Ambling into the conference room Monday, he mixes easily with the growing crowd.

They’re here to attend Still Here’s Recovery Coach Training, a five-day, 40-hour immersive training unlike any other in the country.

Tom (not his real name) has decades of good sobriety thanks to his work in 12-step recovery. He’s come to this recovery coach training as a matter of curiosity to see “what all the fuss is about.”

The “fuss,” in Canada at least, is growing embrace of recovery coaching, now increasingly seen as a critical piece of recovery-oriented system of care.

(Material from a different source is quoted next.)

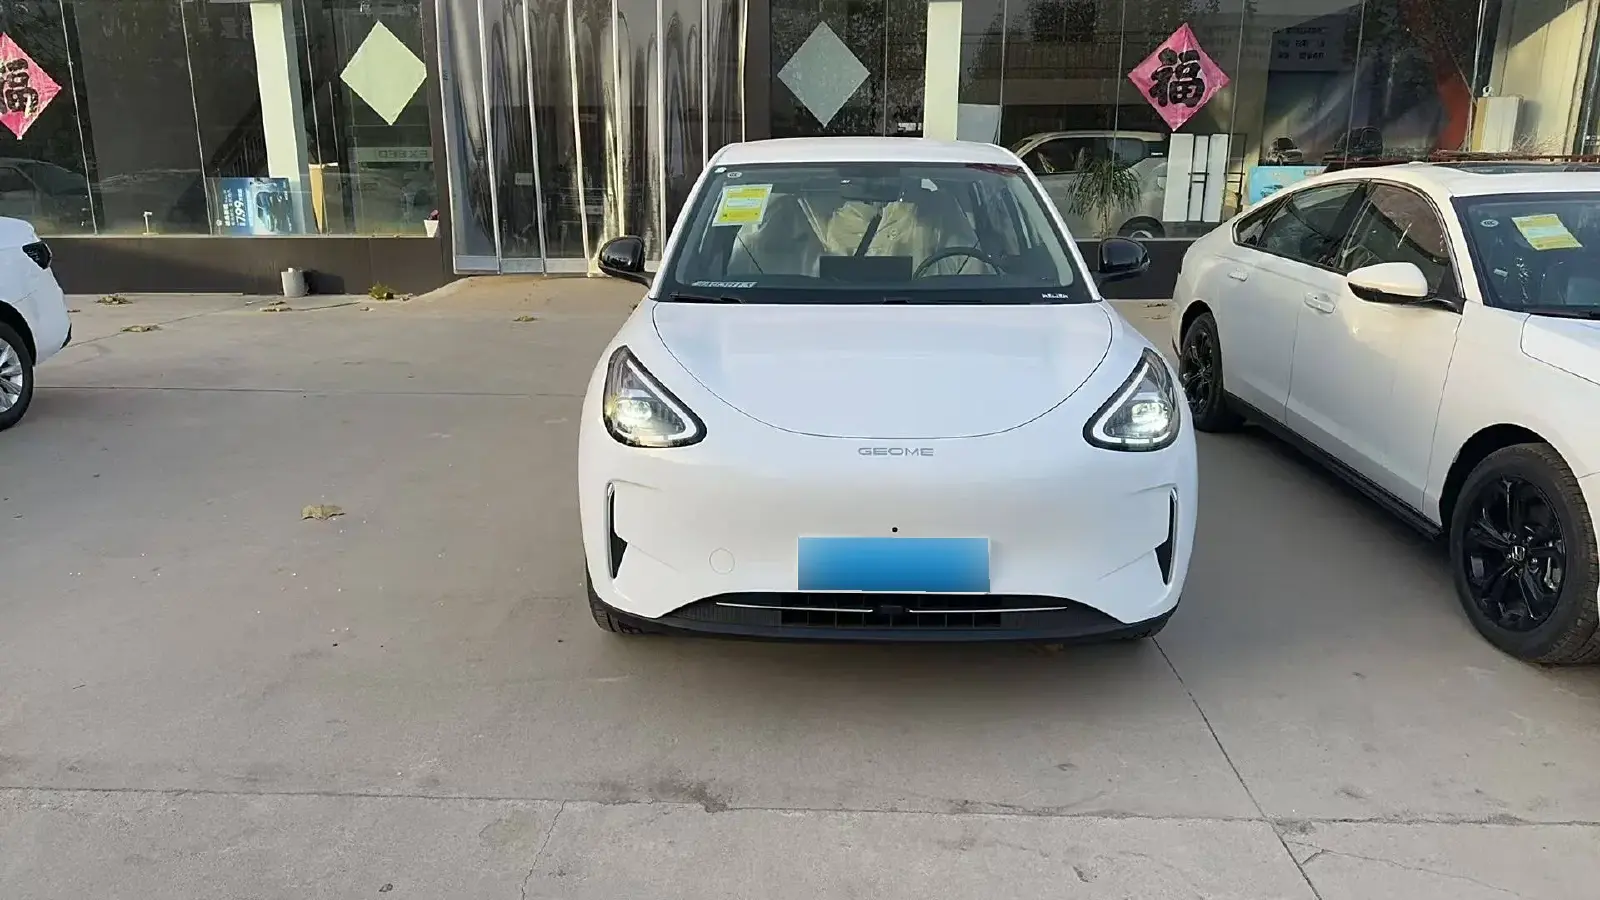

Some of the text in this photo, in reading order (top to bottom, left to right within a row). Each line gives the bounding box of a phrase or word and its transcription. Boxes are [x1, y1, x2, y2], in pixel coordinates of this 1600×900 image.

[0, 58, 39, 114] 福
[1149, 47, 1205, 107] 福
[858, 447, 934, 456] GEOME
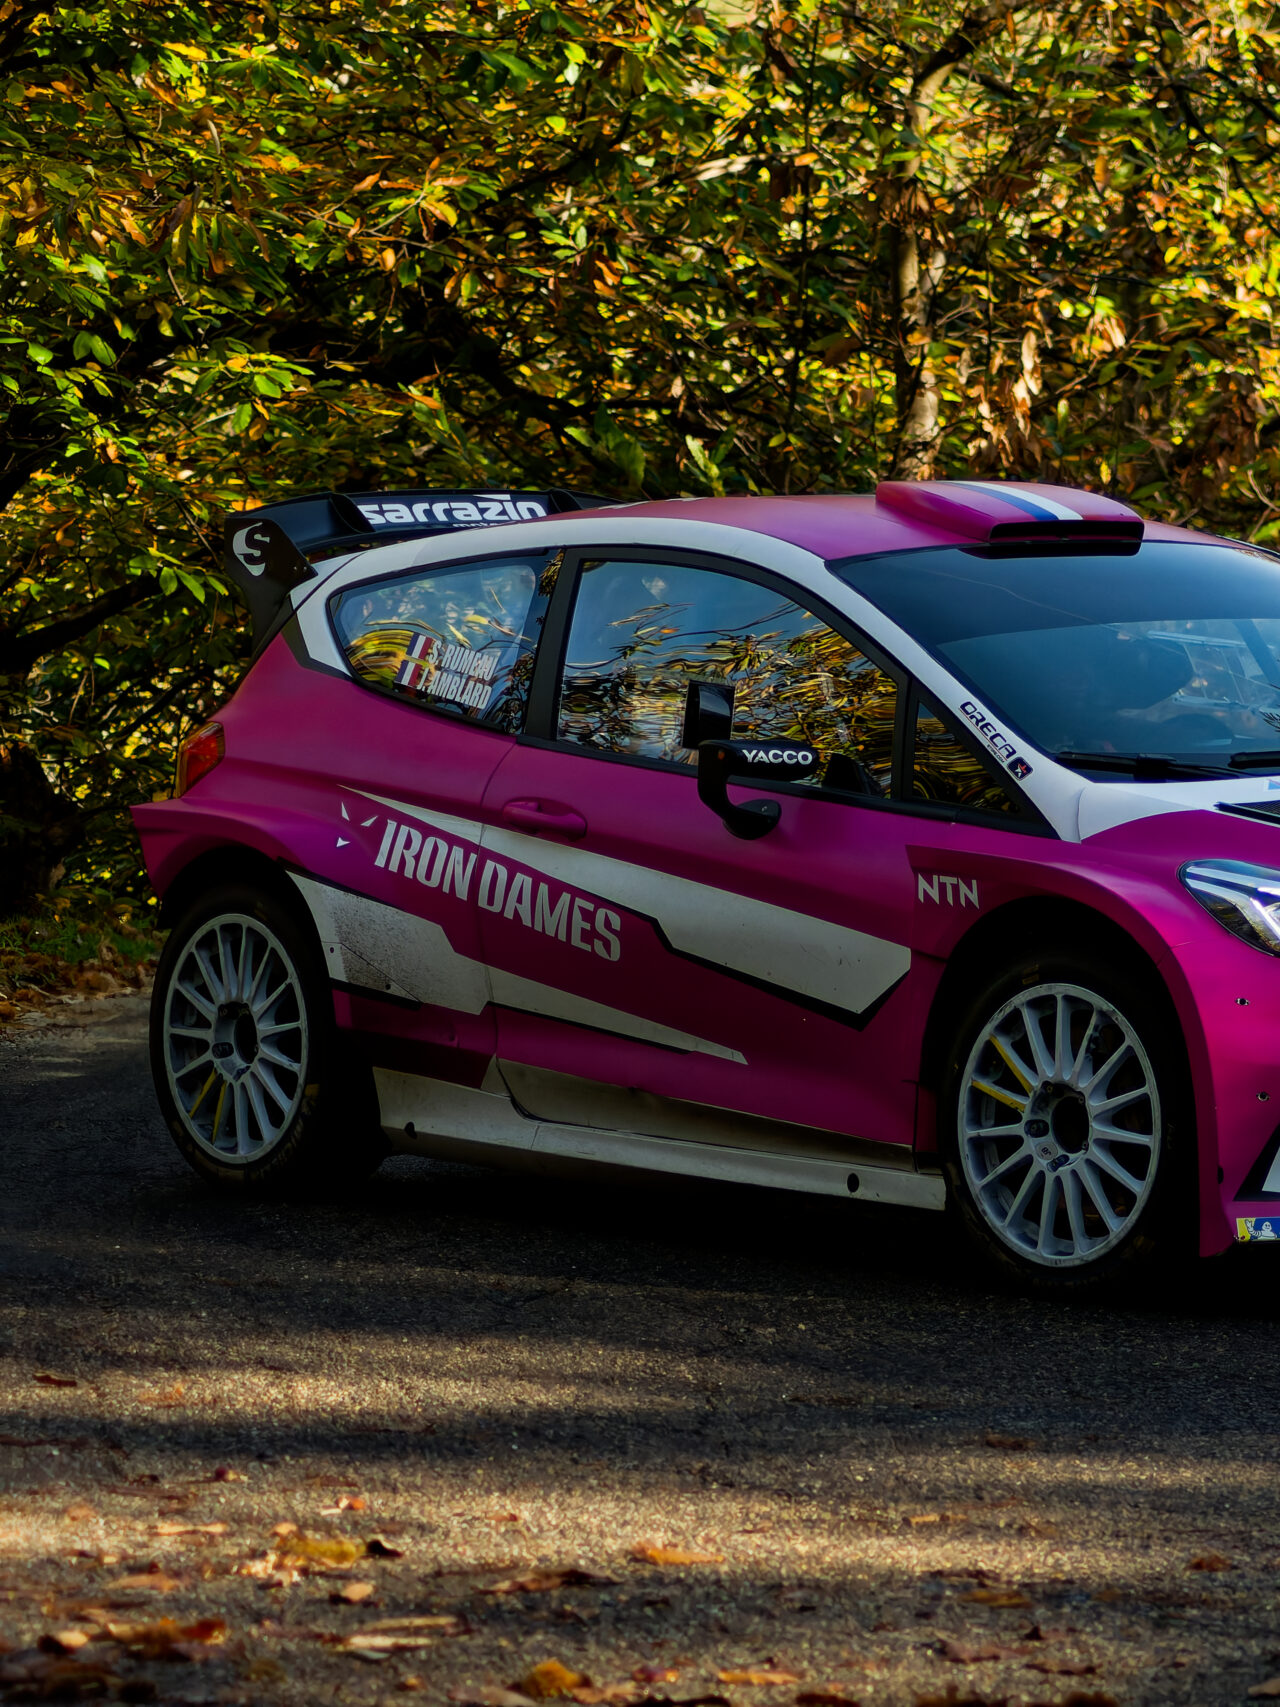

Addiction being a disease of disconnection, recovery coaches are connectors, helping those with substance use issues build strong recovery capital — the foundational underpinnings of lasting recovery.

Tom chats with Patrick, and the pair come to quick agreement on the importance of abstinence from substances — the only way is to recover is to quit completely, they agree. But Patrick is from SMART Recovery, a very different approach than 12-step programs. Both believe their pathway to recovery saved their lives, and hold firmly that their way is the only way.

One of the great joys in facilitating a recovery coach training is seeing those hard-held beliefs melt away over the week.

It’s “facilitating” because this room is full of experts in their own right, and the teaching comes from the swirling cauldron of thought within the group, not from anything arising from the front of the class.

This is adult education at its finest.

The firmly held beliefs about addiction and recovery begin to melt on Day-One, when we unveil CCAR’s definition of recovery.

“A person is in recovery when they say they are in recovery.”

Many from the group refuse to adopt that definition, saying they want to see some demonstration of recovery, either action or a visible sign of willingness.

The discussion roils for a while before settling on the possibility that someone actually is in recovery when they say they are. Perhaps, they allow, in saying it out loud, that is all the demonstration of willingness that’s needed.

As the five days unfold, previously held beliefs continue to soften.

On completion, may acknowledge there’s a whole world of recovery out there that hadn’t occurred to them.

And it’s with that new-found knowledge they are able to reach people a lot sooner, and guide them into a robust recovery.

And that’s exactly what this country needs right now.